Partenaire confirmée avec plusieurs universités de Madagascar, l’Université du Québec à Trois-Rivières (UQTR) bonifie son offre de formation et propose une maîtrise en administration des affaires (MBA) à l’Institut National des Sciences Comptables et de l’Administration d’Entreprises (INSCAE) d’Antananarivo. Les partenariats conclus ont permis à l’UQTR de se faire connaître, et à de nombreux Malgaches de venir en sol trifluvien pour démarrer ou poursuivre leurs études, voire s’y expatrier durablement.

De nouveaux partenariats

Si 2016 célèbre le 30e anniversaire des collaborations entre l’UQTR et l’INSCAE d’Antananarivo, c’est aussi l’année du renforcement des liens qui unissent l’université et l’Institut. Également, un accord de coopération scientifique avec l’Institut Supérieur de Technologie (IST) d’Antananarivo et deux lettres d’intention de collaboration avec les IST d’Ambositra et d’Antsiranana ont été signés. L’implantation du MBA à l’INSCAE constitue un diplôme supplémentaire proposé par l’UQTR. Le parcours le plus notoire reste celui de l’étudiant Hery Rajaonarimampianina, diplômé de l’UQTR en deuxième cycle en sciences comptables, et aujourd’hui président de la République de Madagascar.

Une réputation grandissante

Ces 30 années de collaboration ont permis à l’UQTR de se faire connaître sur l’île. C’est ce que confirme Mahery Ratsima-Rasendra, analyste informatique pour le gouvernement du Canada, ancien diplômé de l’UQTR: «L’UQTR avait un partenariat avec l’université où je faisais mon MBA», explique-t-il.

C’est aussi le cas pour Nancy Andrianina Raeliaritrimo, diplômée d’une maîtrise en Gestion des Relations Humaines de l’INSCAE, qui s’est vu proposer un échange universitaire.
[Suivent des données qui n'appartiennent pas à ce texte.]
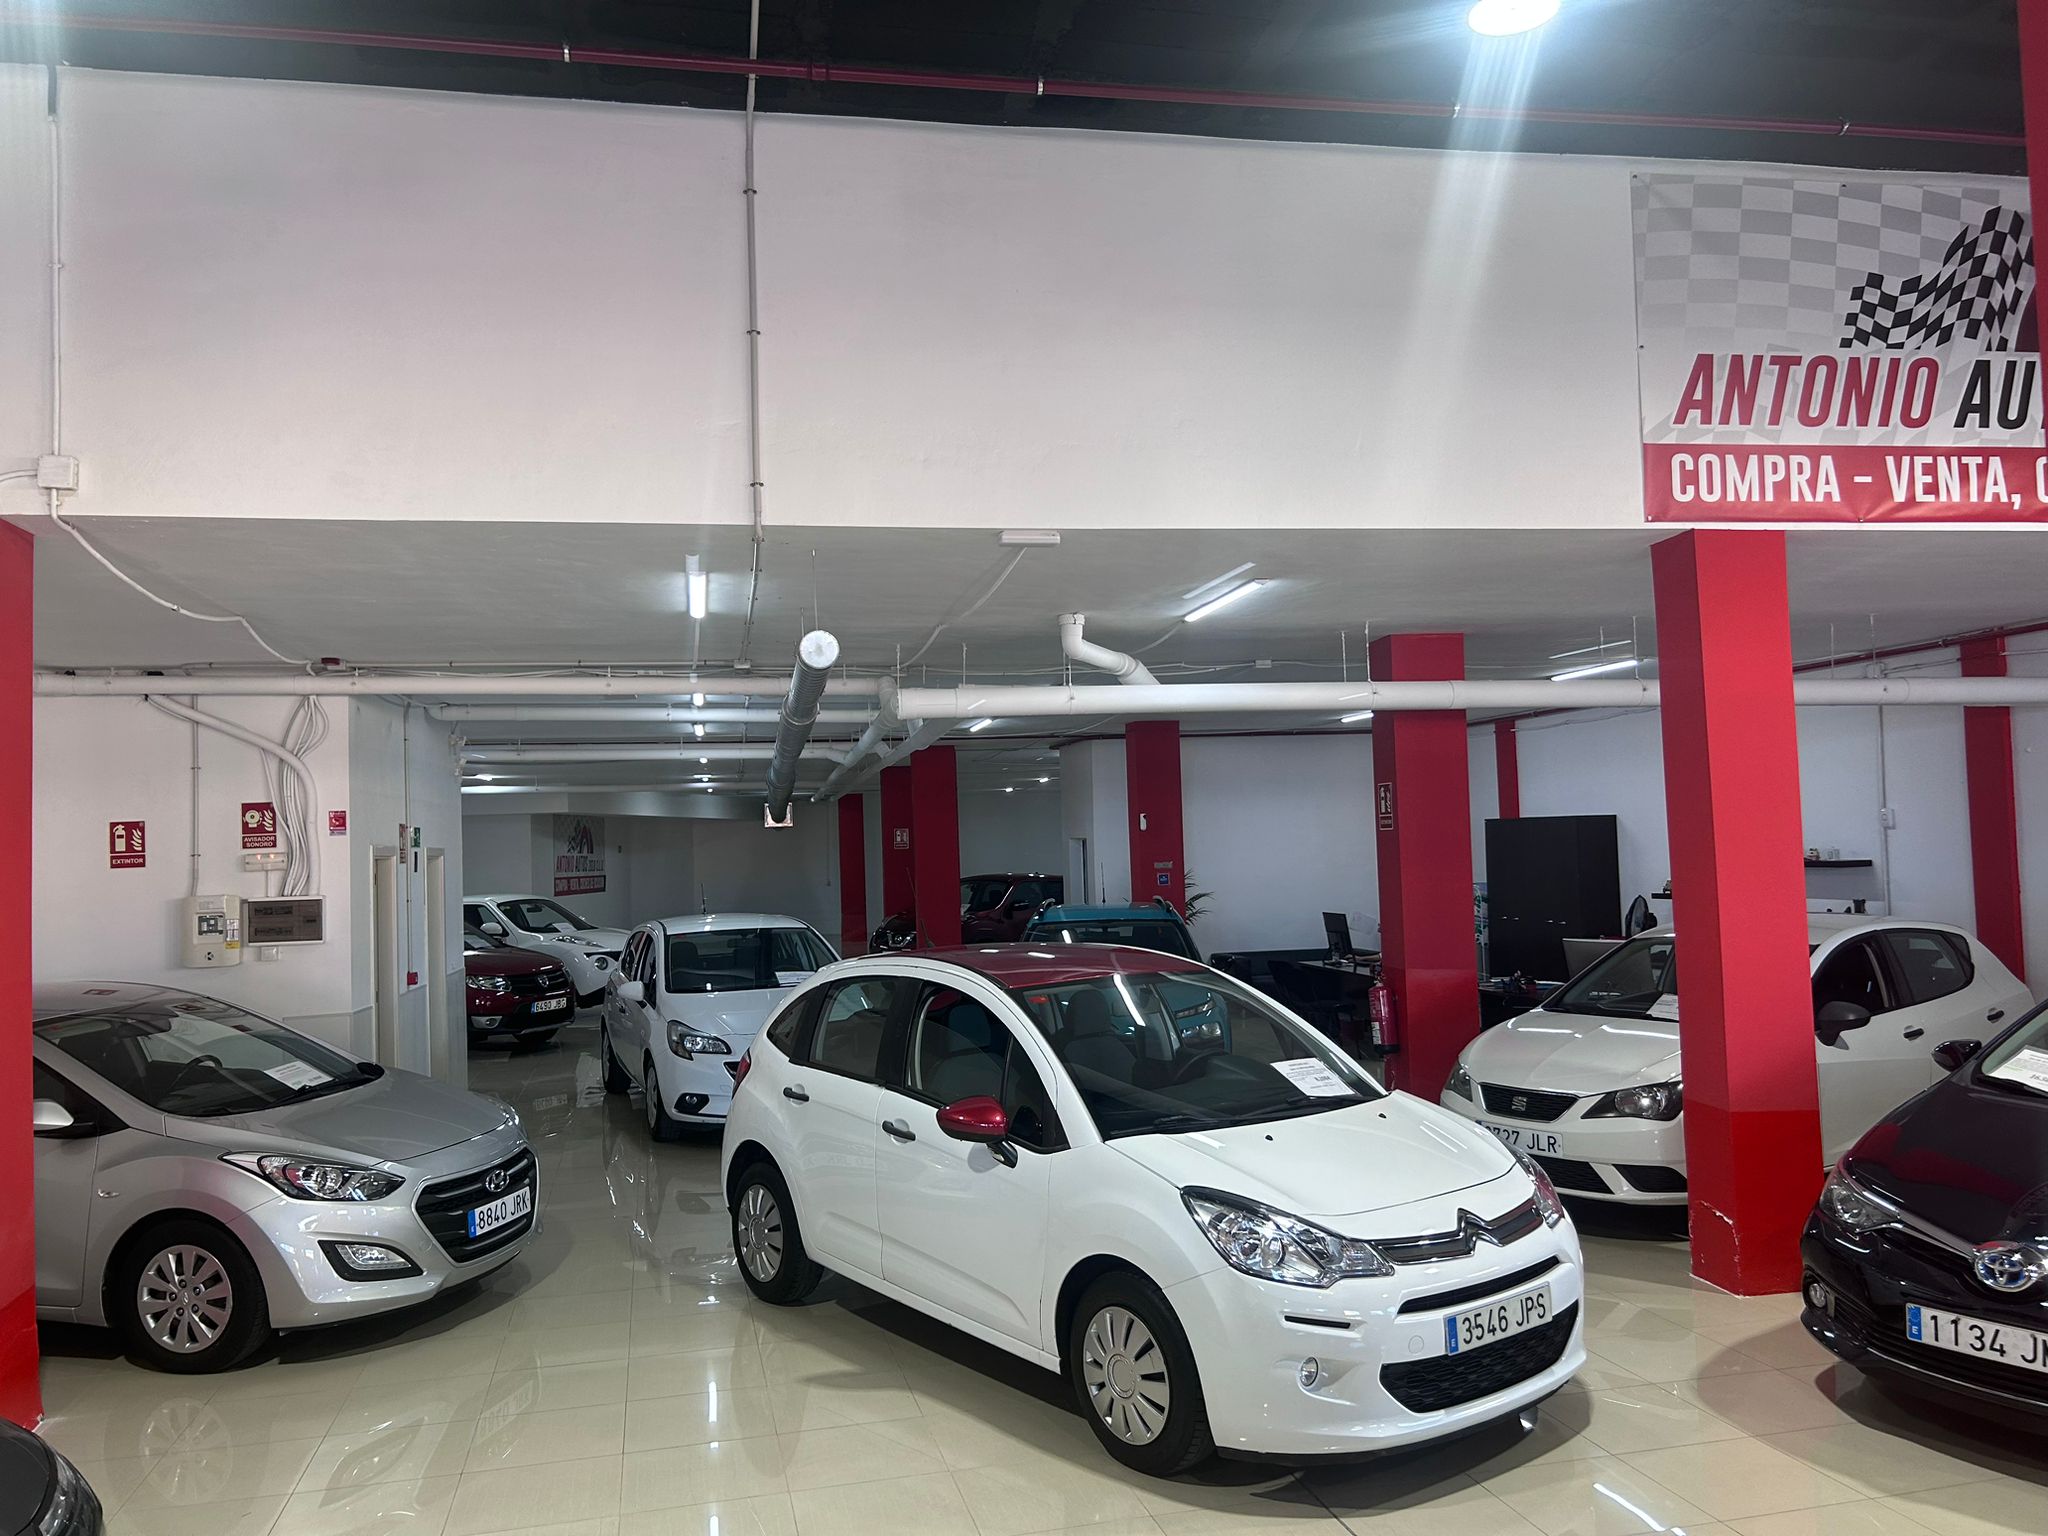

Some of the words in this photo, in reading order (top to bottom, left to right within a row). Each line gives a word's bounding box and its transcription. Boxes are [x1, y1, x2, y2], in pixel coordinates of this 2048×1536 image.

Depuis, elle a entamé un diplôme d’études supérieures spécialisées (DES) en gestion des relations humaines et changement organisationnel.

Aujourd’hui, ils sont une cinquantaine de Malgaches à Trois-Rivières, et la communauté grossit petit à petit.

«J’ai une grande vision qui ne pouvait pas se développer à Madagascar.» ―Nancy Andrianina Raeliaritrimo, étudiante en GRH.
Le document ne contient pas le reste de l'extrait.